Il centro toscano sulla cybersecurity, che dovrà difendere pubblica amministrazione e pmi dagli attacchi informatici, scandagliando la rete e sensibilizzandone i fruitori, è pronto a partire. Unico al momento in Italia. Il taglio del nastro sarà il 13 ottobre all’Internet Festival di Pisa.

Proprio a Pisa la struttura avrà la sua sede, all’interno dell’ateneo e del Cnr, con l’apertura di un secondo presidio successivamente a Firenze, all’Osmannoro, dove si trova il cloud della Regione con i dati e gli applicativi degli enti locali.

L’idea ha trovato le prime gambe in un protocollo firmato a febbraio 2018, siglato da Regione, che ne è stata la promotrice, Università di Firenze, Pisa e Siena, Cnr e Imt di Lucca. Dopo otto mesi è realtà.
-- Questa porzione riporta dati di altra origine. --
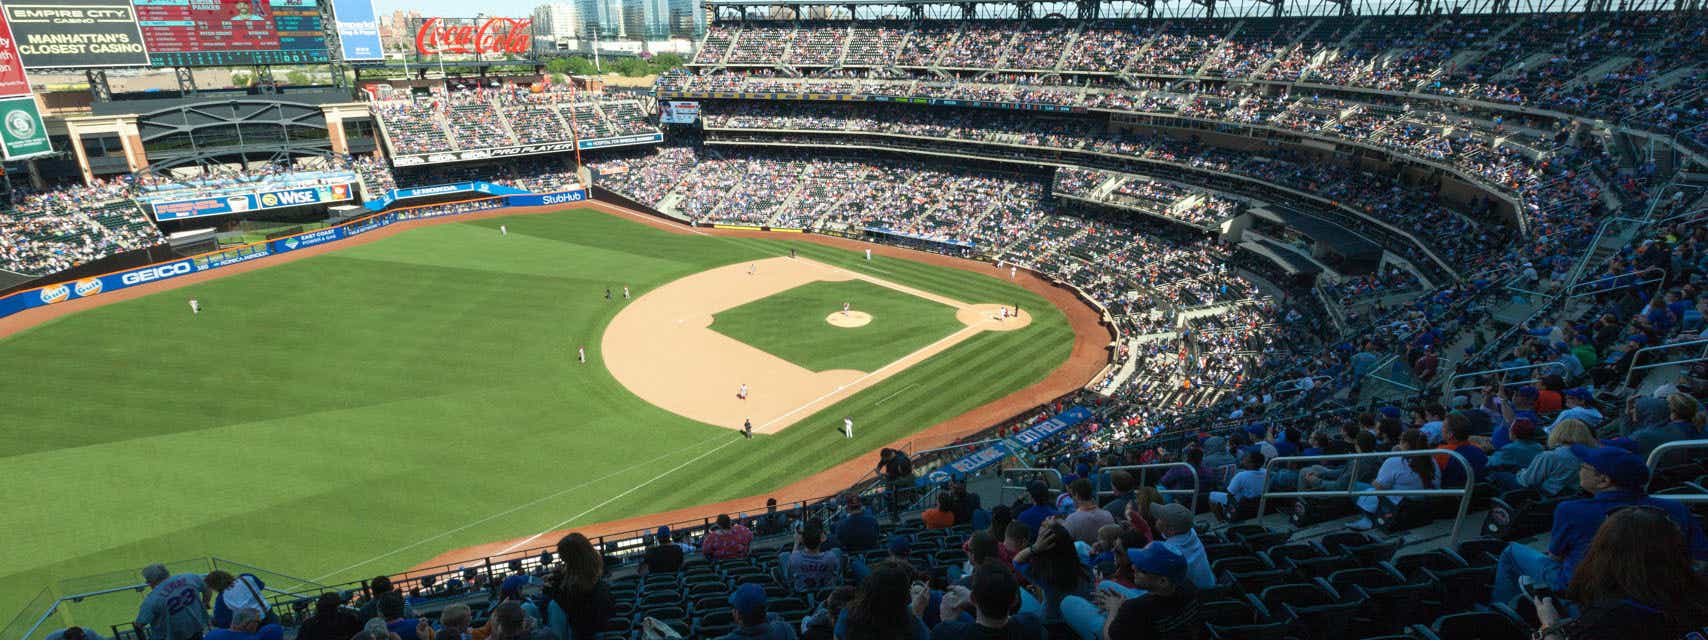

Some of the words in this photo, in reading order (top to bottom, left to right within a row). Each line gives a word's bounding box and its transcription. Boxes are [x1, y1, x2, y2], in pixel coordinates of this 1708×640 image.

I finanziamenti arriveranno dalla Regione (circa 500 mila euro l’anno per la fase di avvio), dai progetti di ricerca che fanno affidamento sui fondi europei e dai servizi di consulenza offerti a pubbliche amministrazioni e piccole e medie imprese.

Il centro offrirà supporto tecnico e scientifico anche riguardo il nuovo regolamento europeo sul trattamento dei dati personali e la privacy.

Sarà allestito anche un sito (già è stato acquistato il dominio c37.it) dove saranno sistematicamente riportate informazioni aggiornate su attacchi, nuovi strumenti di difesa oppure elenchi di aziende toscane che offrono servizi legati alla cybersecurity.